Vitamin E: The missing link to fertility?
COULD VITAMIN E BE THE MISSING LINK TO YOUR FERTILITY, ESPECIALLY IF YOU’RE TRYING TO CONCEIVE AT AN OLDER AGE? ✨✨✨
Vitamin E is a fat-soluble vitamin also known as “tocopherol,” which comes from the Greek word “tokos,” meaning “childbirth.” If that isn’t turning your gears already, I don’t know what will!
In the 1930s, Dr. R.J. Schute and his two sons, Wilfred and Evan, found that Vitamin E caused animals to reproduce at very high rates.
It was also noted that Vitamin E acted in a way that had the opposite effect of excess Estrogen.
Excess Estrogen can cause changes in the womb that impair implantation of the embryo and/or support for its development if it has already implanted. One of the primary ways is that it decreases the amount of oxygen available to the embry.
Unlike excess Estrogen, Vitamin E increases the amount of oxygen delivered to the uterus and embryo, very similar to the way Progesterone behaves.
In animal studies, Vitamin E supplementation prevented the onset of menopause in middle age.
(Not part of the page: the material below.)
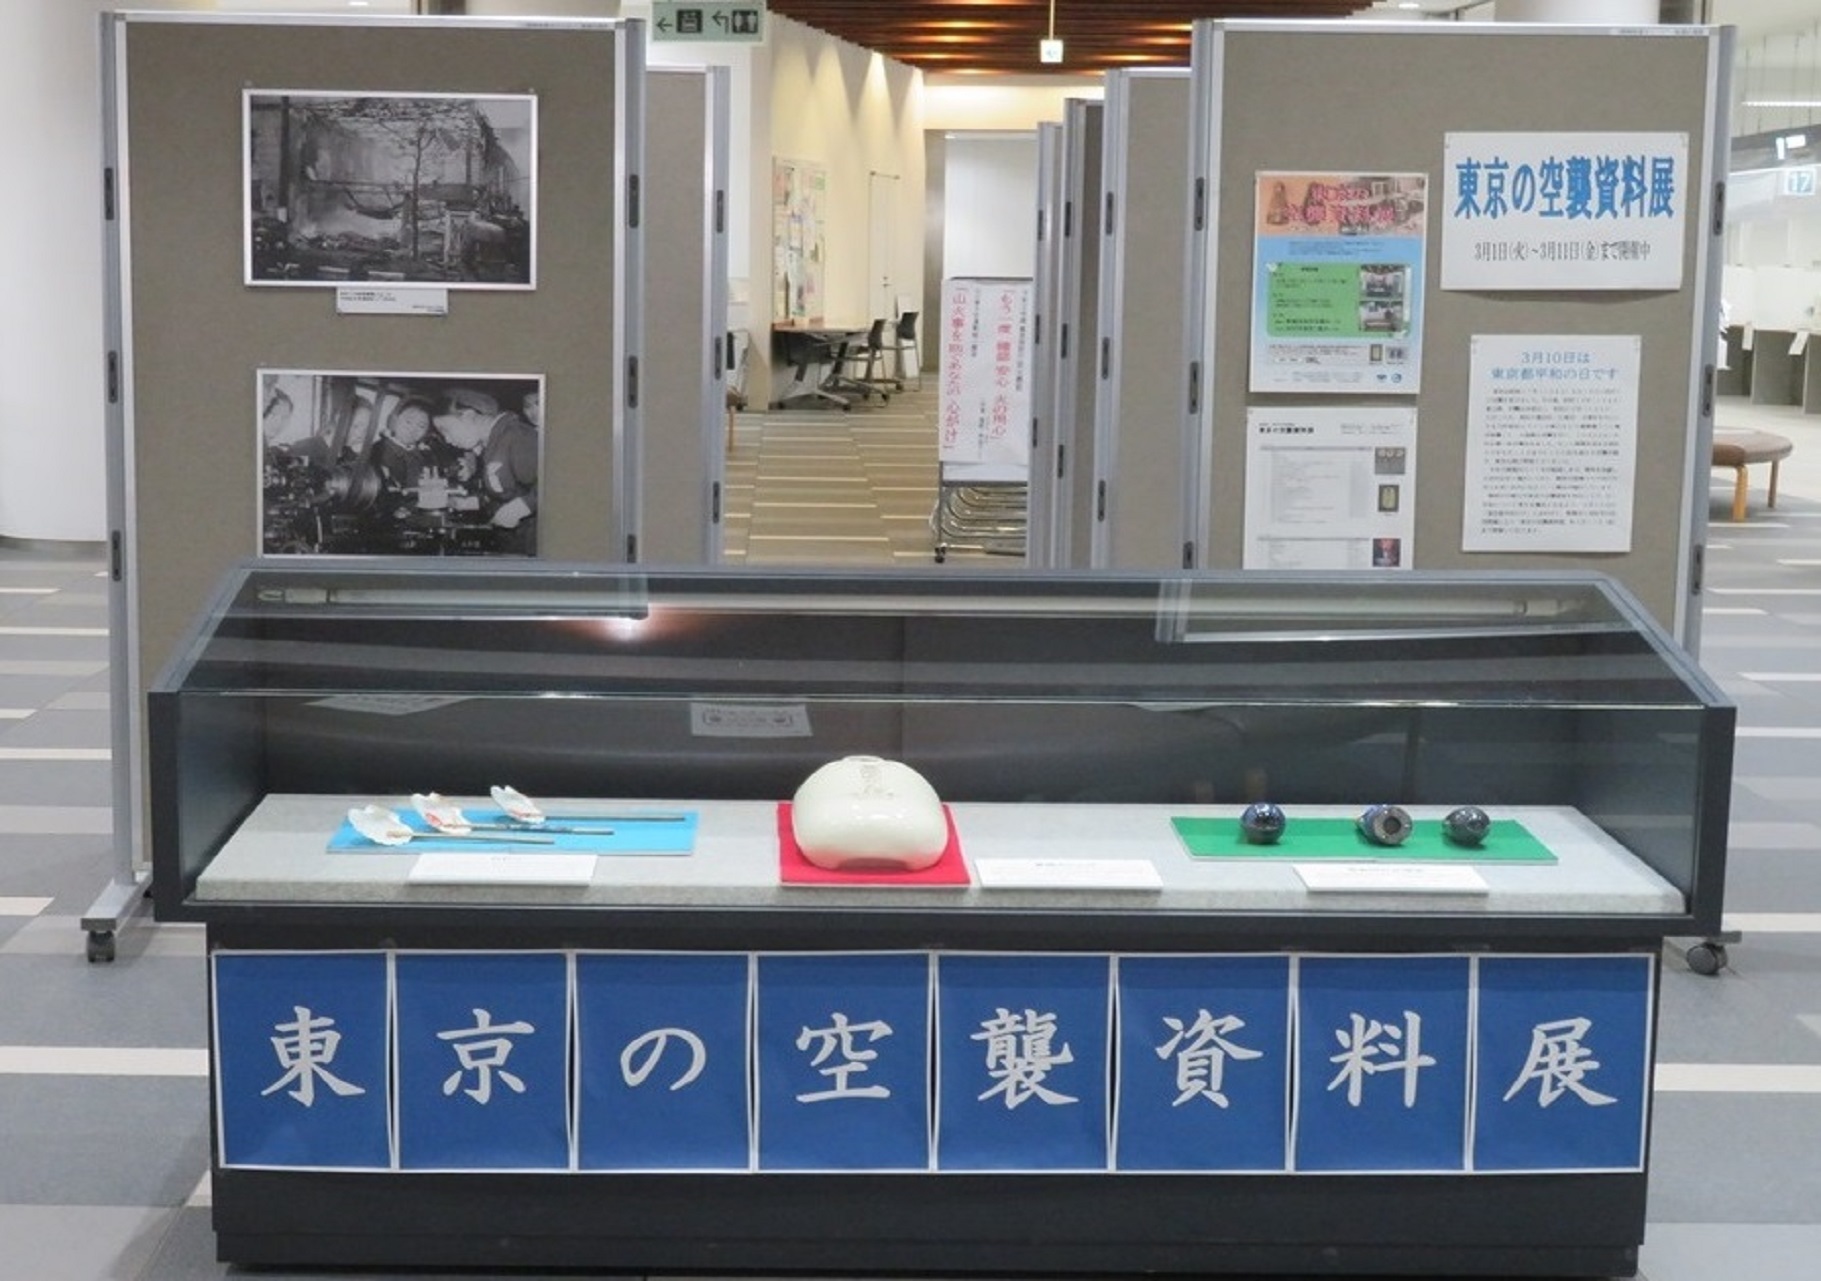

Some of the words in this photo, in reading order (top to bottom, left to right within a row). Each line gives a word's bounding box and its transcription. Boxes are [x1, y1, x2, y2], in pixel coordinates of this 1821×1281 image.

[1454, 155, 1675, 219] 東京の空襲資料展
[260, 1004, 1619, 1109] 東京の空襲資料展
In other studies, it’s been shown that Vitamin E corrects any oxygen deficiency being caused by Estrogen supplementation or old age.
Vitamin E has been dubbed a “Progesterone-sparing agent” since its anti-Estrogen effects are so much like Progesterone’s.
One of my favorite Vitamin E supplements is Lifeblud’s Antidote (capsules) and Antidote V2 (dopper). (code INNATE will provide a discount)
Learn more in Episode 3 of The Innate Wisdom Podcast with Dr. Ray Peat where we discuss this and more. And feel free to sign up for the wait list to my eCourse, Conscious Conception 2.0 releasing spring/summer, where you'll learn how to implement things like Vitamin E to support your fertility journey. Links for both are in my bio.
❔Is Vitamin E part of your fertility regimen? Share below!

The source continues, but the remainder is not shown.